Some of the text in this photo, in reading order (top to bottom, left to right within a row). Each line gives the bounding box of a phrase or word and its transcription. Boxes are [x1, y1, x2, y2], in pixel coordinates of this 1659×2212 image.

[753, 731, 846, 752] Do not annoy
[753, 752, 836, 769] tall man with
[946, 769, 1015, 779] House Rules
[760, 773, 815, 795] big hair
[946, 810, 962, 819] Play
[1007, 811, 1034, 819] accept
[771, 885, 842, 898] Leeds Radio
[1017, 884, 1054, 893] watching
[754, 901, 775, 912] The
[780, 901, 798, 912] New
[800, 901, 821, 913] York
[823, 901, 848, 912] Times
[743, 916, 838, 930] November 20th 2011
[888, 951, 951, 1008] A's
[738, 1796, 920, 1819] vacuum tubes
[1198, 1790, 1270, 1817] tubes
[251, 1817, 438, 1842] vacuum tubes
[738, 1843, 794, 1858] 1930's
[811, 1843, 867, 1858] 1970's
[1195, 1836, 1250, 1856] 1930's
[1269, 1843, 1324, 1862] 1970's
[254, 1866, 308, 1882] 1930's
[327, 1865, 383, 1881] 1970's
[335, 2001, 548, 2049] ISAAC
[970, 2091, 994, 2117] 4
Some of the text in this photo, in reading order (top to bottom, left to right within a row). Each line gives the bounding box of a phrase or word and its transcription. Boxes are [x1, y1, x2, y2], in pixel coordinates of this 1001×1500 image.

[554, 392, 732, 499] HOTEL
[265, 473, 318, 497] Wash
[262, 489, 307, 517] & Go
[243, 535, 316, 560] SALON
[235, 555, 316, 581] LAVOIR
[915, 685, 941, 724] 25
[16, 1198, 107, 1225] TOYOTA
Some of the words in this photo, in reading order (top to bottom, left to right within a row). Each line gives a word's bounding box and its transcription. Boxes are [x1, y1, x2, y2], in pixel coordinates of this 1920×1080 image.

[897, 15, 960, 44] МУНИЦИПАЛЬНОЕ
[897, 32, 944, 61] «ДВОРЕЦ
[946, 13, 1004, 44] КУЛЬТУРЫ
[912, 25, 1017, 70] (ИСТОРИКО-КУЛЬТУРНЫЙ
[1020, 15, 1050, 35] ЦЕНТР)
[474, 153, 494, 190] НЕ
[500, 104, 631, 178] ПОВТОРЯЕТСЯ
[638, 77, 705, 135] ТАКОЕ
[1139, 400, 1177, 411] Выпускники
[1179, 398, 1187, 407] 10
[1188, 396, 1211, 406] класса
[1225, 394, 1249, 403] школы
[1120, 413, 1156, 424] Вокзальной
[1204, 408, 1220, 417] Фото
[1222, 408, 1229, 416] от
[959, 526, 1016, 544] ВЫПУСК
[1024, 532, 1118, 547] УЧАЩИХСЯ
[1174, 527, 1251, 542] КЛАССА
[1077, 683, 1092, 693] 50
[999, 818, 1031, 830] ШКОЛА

Required work: Reproduce the lines above. Leave each one as it is.

Response area:
Some of the text in this photo, in reading order (top to bottom, left to right within a row). Each line gives the bounding box of a phrase or word and its transcription. Boxes are [x1, y1, x2, y2], in pixel coordinates of this 1659×2212 image.

[753, 731, 846, 752] Do not annoy
[753, 752, 836, 769] tall man with
[946, 769, 1015, 779] House Rules
[760, 773, 815, 795] big hair
[946, 810, 962, 819] Play
[1007, 811, 1034, 819] accept
[771, 885, 842, 898] Leeds Radio
[1017, 884, 1054, 893] watching
[754, 901, 775, 912] The
[780, 901, 798, 912] New
[800, 901, 821, 913] York
[823, 901, 848, 912] Times
[743, 916, 838, 930] November 20th 2011
[888, 951, 951, 1008] A's
[738, 1796, 920, 1819] vacuum tubes
[1198, 1790, 1270, 1817] tubes
[251, 1817, 438, 1842] vacuum tubes
[738, 1843, 794, 1858] 1930's
[811, 1843, 867, 1858] 1970's
[1195, 1836, 1250, 1856] 1930's
[1269, 1843, 1324, 1862] 1970's
[254, 1866, 308, 1882] 1930's
[327, 1865, 383, 1881] 1970's
[335, 2001, 548, 2049] ISAAC
[970, 2091, 994, 2117] 4
Some of the text in this photo, in reading order (top to bottom, left to right within a row). Each line gives the bounding box of a phrase or word and its transcription. Boxes are [x1, y1, x2, y2], in pixel coordinates of this 1001×1500 image.

[554, 392, 732, 499] HOTEL
[265, 473, 318, 497] Wash
[262, 489, 307, 517] & Go
[243, 535, 316, 560] SALON
[235, 555, 316, 581] LAVOIR
[915, 685, 941, 724] 25
[16, 1198, 107, 1225] TOYOTA
Some of the words in this photo, in reading order (top to bottom, left to right within a row). Each line gives a word's bounding box and its transcription. Boxes are [x1, y1, x2, y2], in pixel coordinates of this 1920×1080 image.

[897, 15, 960, 44] МУНИЦИПАЛЬНОЕ
[897, 32, 944, 61] «ДВОРЕЦ
[946, 13, 1004, 44] КУЛЬТУРЫ
[912, 25, 1017, 70] (ИСТОРИКО-КУЛЬТУРНЫЙ
[1020, 15, 1050, 35] ЦЕНТР)
[474, 153, 494, 190] НЕ
[500, 104, 631, 178] ПОВТОРЯЕТСЯ
[638, 77, 705, 135] ТАКОЕ
[1139, 400, 1177, 411] Выпускники
[1179, 398, 1187, 407] 10
[1188, 396, 1211, 406] класса
[1225, 394, 1249, 403] школы
[1120, 413, 1156, 424] Вокзальной
[1204, 408, 1220, 417] Фото
[1222, 408, 1229, 416] от
[959, 526, 1016, 544] ВЫПУСК
[1024, 532, 1118, 547] УЧАЩИХСЯ
[1174, 527, 1251, 542] КЛАССА
[1077, 683, 1092, 693] 50
[999, 818, 1031, 830] ШКОЛА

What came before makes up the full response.